**Work to be completed**
Write out all of the records exactly once more and skip the images.

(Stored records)
BEGIN

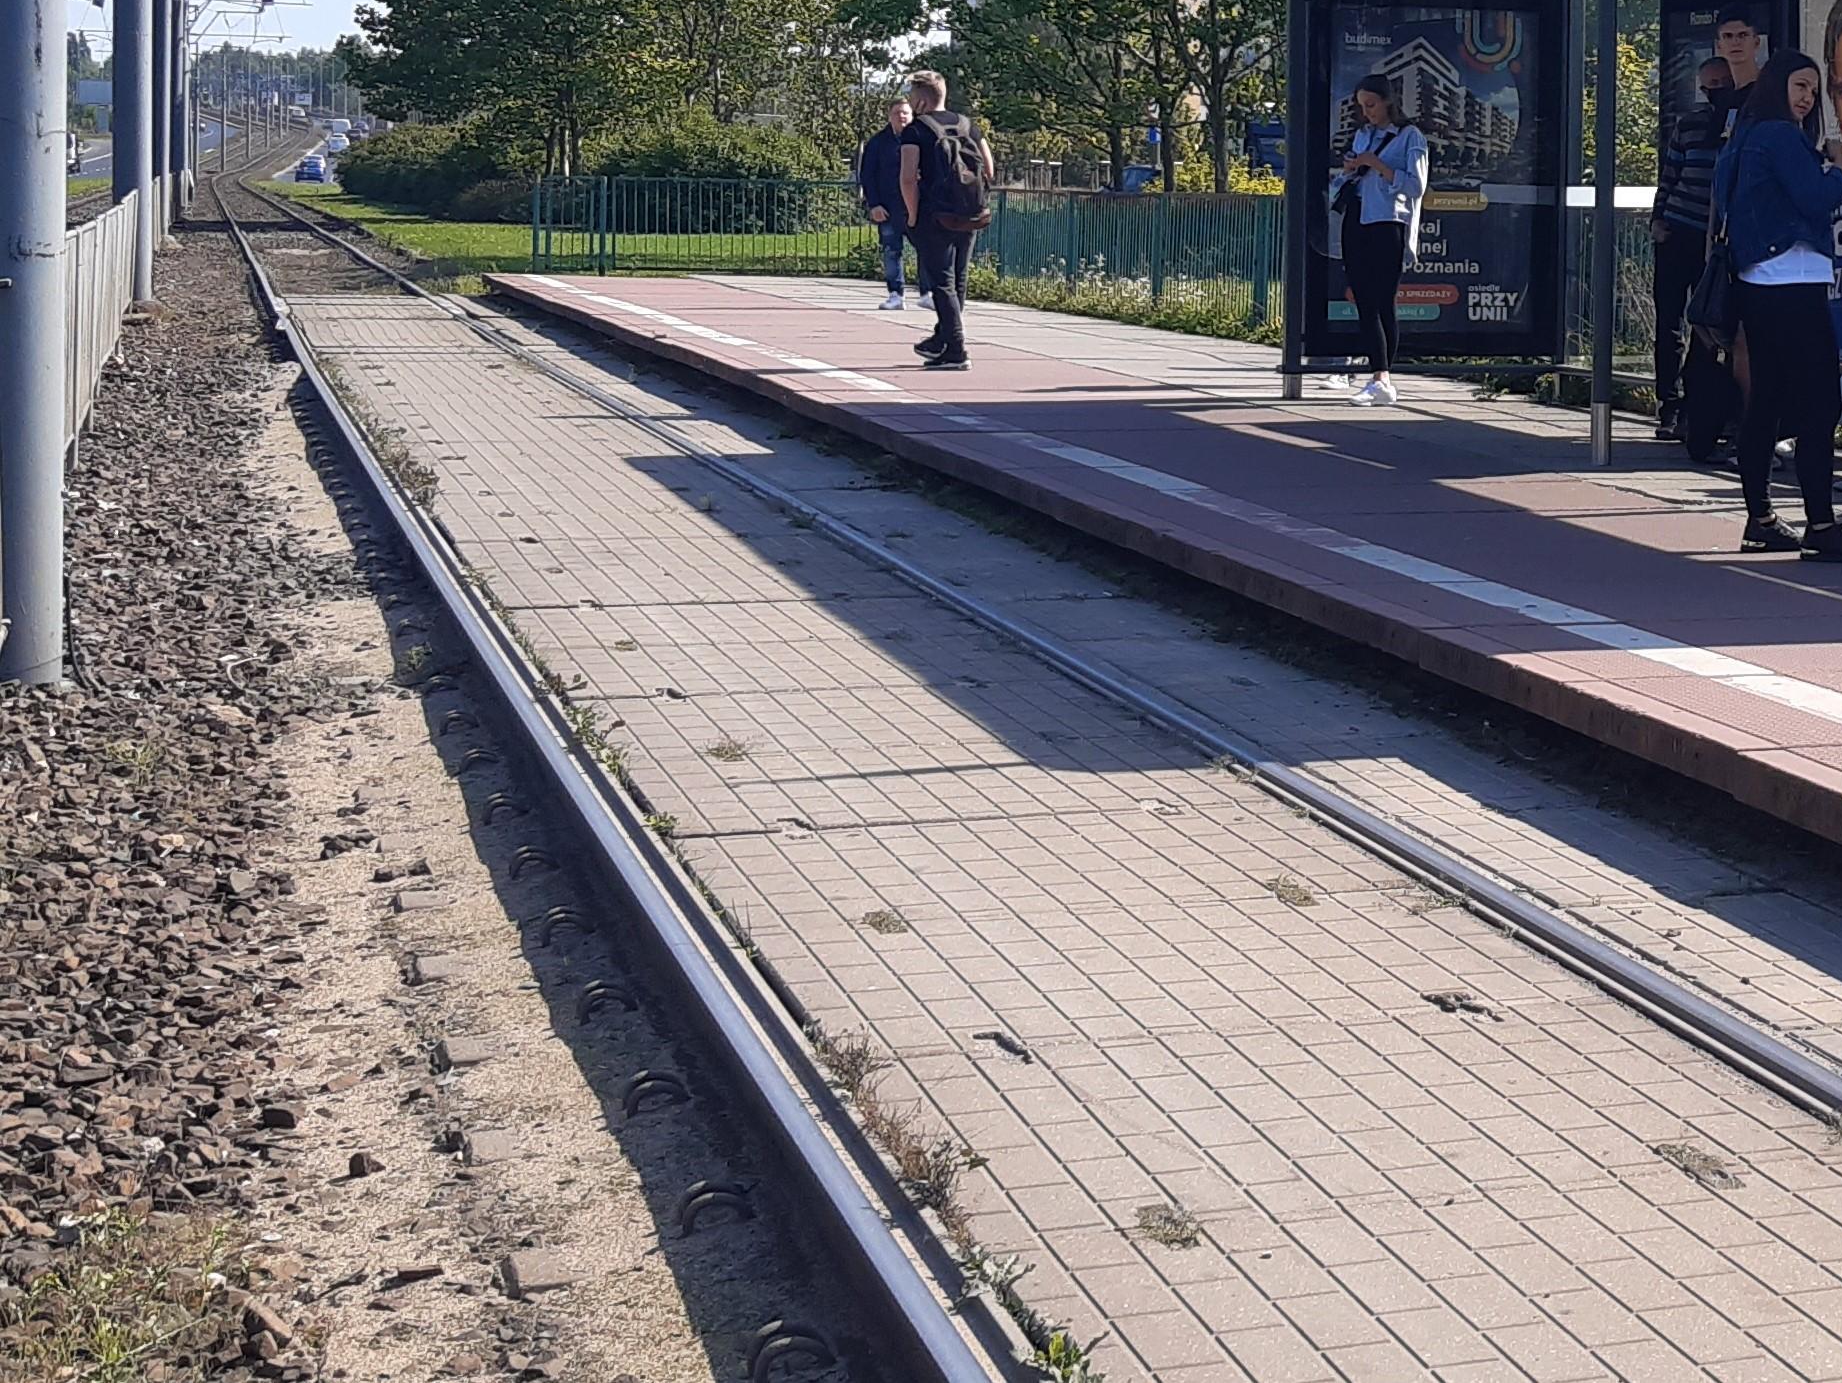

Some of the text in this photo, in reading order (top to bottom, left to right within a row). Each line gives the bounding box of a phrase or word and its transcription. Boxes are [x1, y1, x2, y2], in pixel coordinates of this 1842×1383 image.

[1345, 32, 1392, 45] budimex
[1402, 259, 1480, 274] Poznania
[1468, 293, 1519, 307] PRZY
[1468, 307, 1508, 321] UNII

END

**Written solution**
Some of the text in this photo, in reading order (top to bottom, left to right within a row). Each line gives the bounding box of a phrase or word and its transcription. Boxes are [x1, y1, x2, y2], in pixel coordinates of this 1842×1383 image.

[1345, 32, 1392, 45] budimex
[1402, 259, 1480, 274] Poznania
[1468, 293, 1519, 307] PRZY
[1468, 307, 1508, 321] UNII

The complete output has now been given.